WHAT THE TASK ASKS:
Return the lines from the line containing "this 2420×1512 image." through the last line of the material below, exactly as they appear and with no others.
EXTRACTED INFORMATION Start Marker
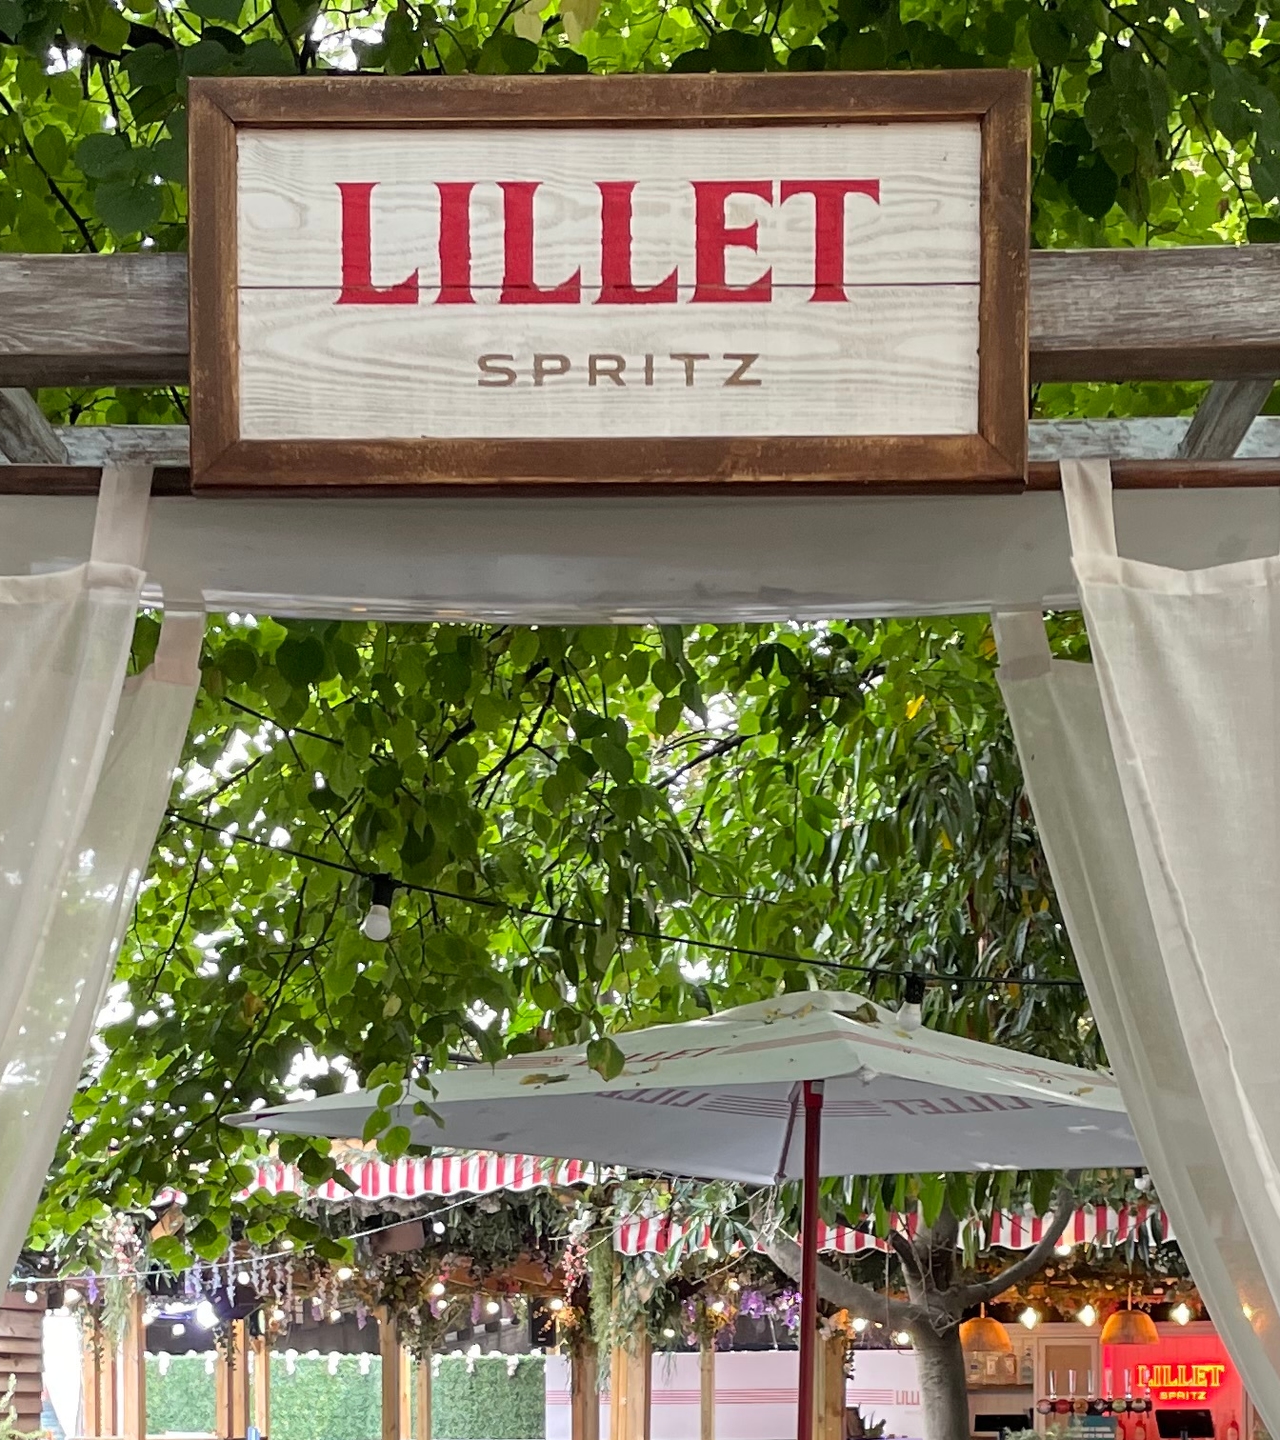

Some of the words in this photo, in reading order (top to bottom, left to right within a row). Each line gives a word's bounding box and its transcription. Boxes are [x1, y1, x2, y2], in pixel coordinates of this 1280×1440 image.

[335, 179, 880, 304] LILLET
[477, 353, 763, 387] SPRITZ
[574, 1045, 730, 1067] LLET
[1136, 1364, 1225, 1388] LILLET
[1159, 1391, 1207, 1400] SPRITZ
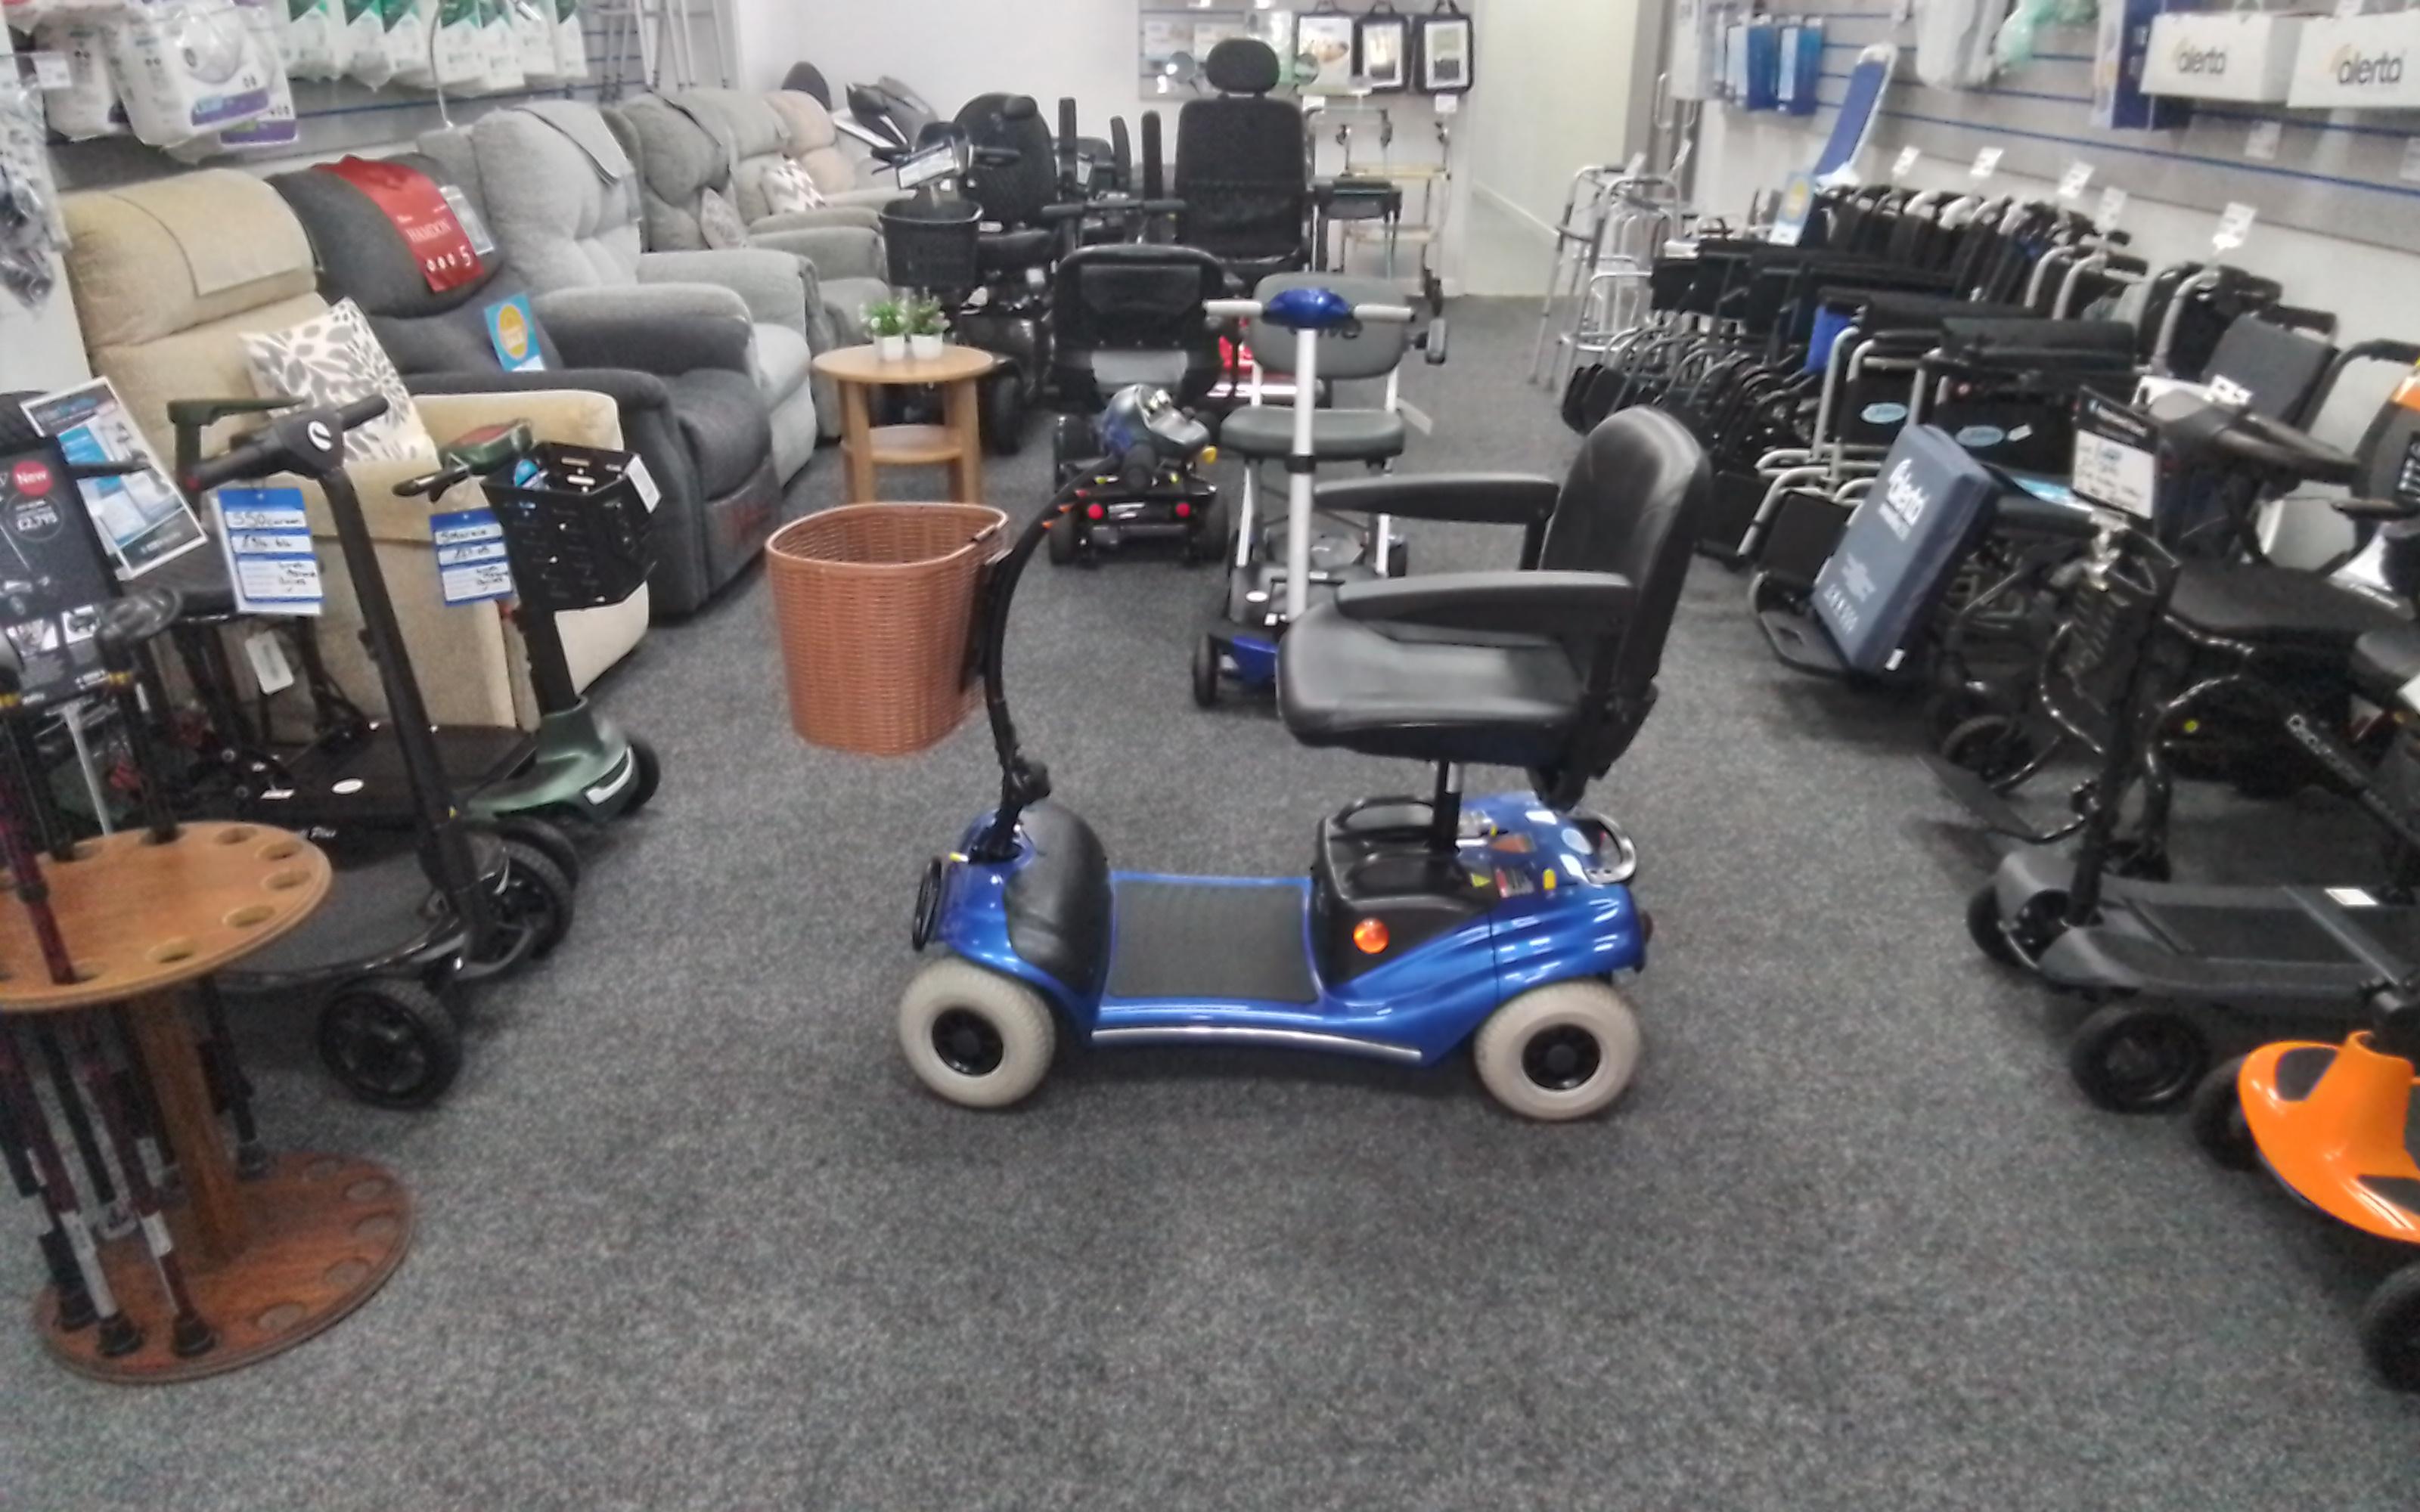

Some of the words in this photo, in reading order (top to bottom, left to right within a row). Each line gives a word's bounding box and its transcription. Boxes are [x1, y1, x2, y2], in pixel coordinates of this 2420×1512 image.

[2178, 44, 2226, 74] alerta
[2338, 51, 2403, 85] alerta
[16, 469, 47, 485] New
EXTRACTED INFORMATION End Marker
TASK OUTPUT:
Some of the words in this photo, in reading order (top to bottom, left to right within a row). Each line gives a word's bounding box and its transcription. Boxes are [x1, y1, x2, y2], in pixel coordinates of this 2420×1512 image.

[2178, 44, 2226, 74] alerta
[2338, 51, 2403, 85] alerta
[16, 469, 47, 485] New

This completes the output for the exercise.